The records:
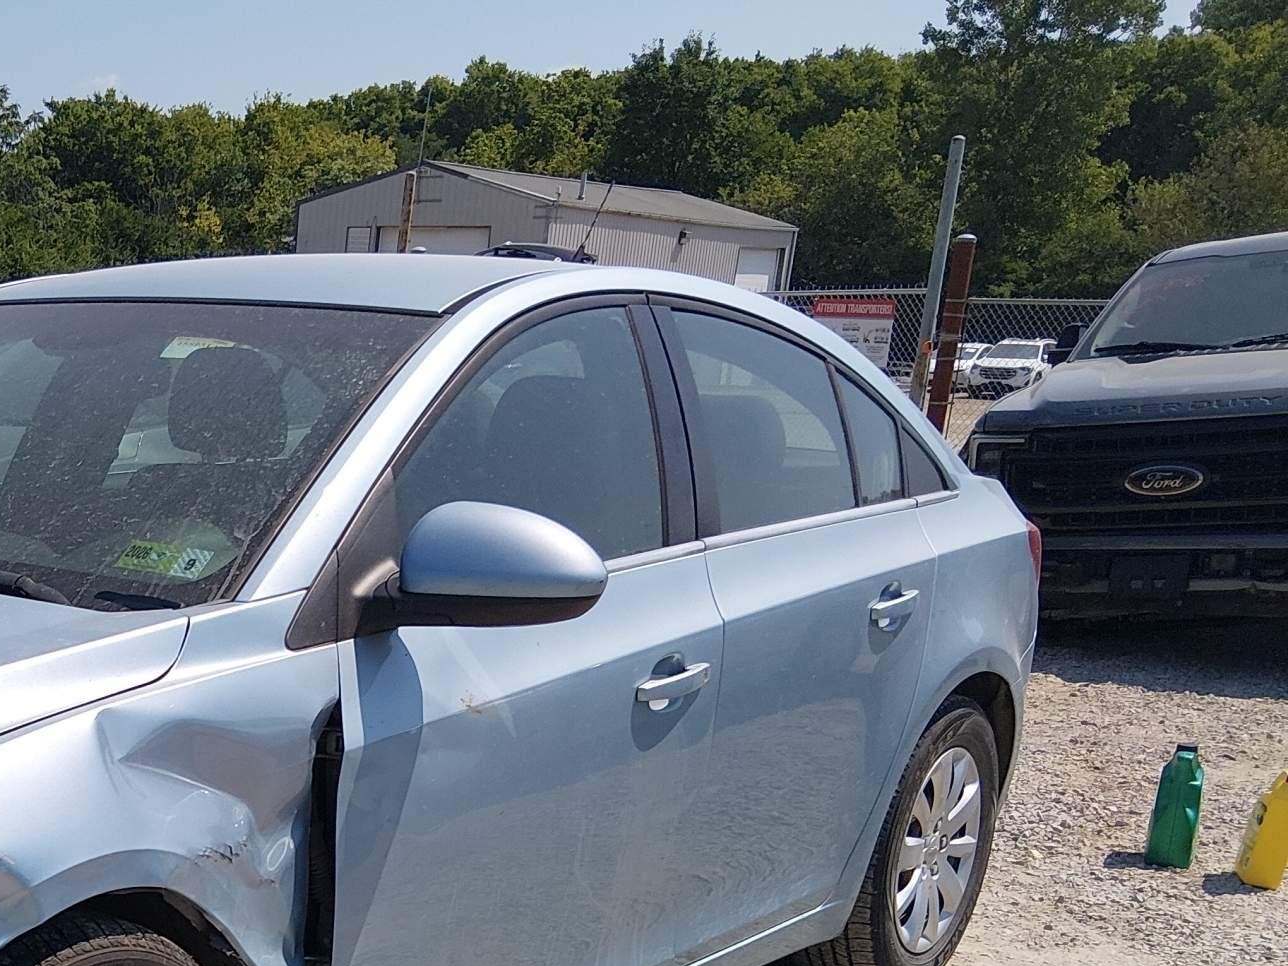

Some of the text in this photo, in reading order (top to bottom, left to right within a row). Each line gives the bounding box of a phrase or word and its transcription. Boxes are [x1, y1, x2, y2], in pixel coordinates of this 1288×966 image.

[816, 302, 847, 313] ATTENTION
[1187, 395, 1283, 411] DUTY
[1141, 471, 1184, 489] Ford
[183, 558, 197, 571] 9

Your objective: Any pictures above are to be left out. Retype the rest of the records exactly.

Exercise solution:
Some of the text in this photo, in reading order (top to bottom, left to right within a row). Each line gives the bounding box of a phrase or word and its transcription. Boxes are [x1, y1, x2, y2], in pixel coordinates of this 1288×966 image.

[816, 302, 847, 313] ATTENTION
[1187, 395, 1283, 411] DUTY
[1141, 471, 1184, 489] Ford
[183, 558, 197, 571] 9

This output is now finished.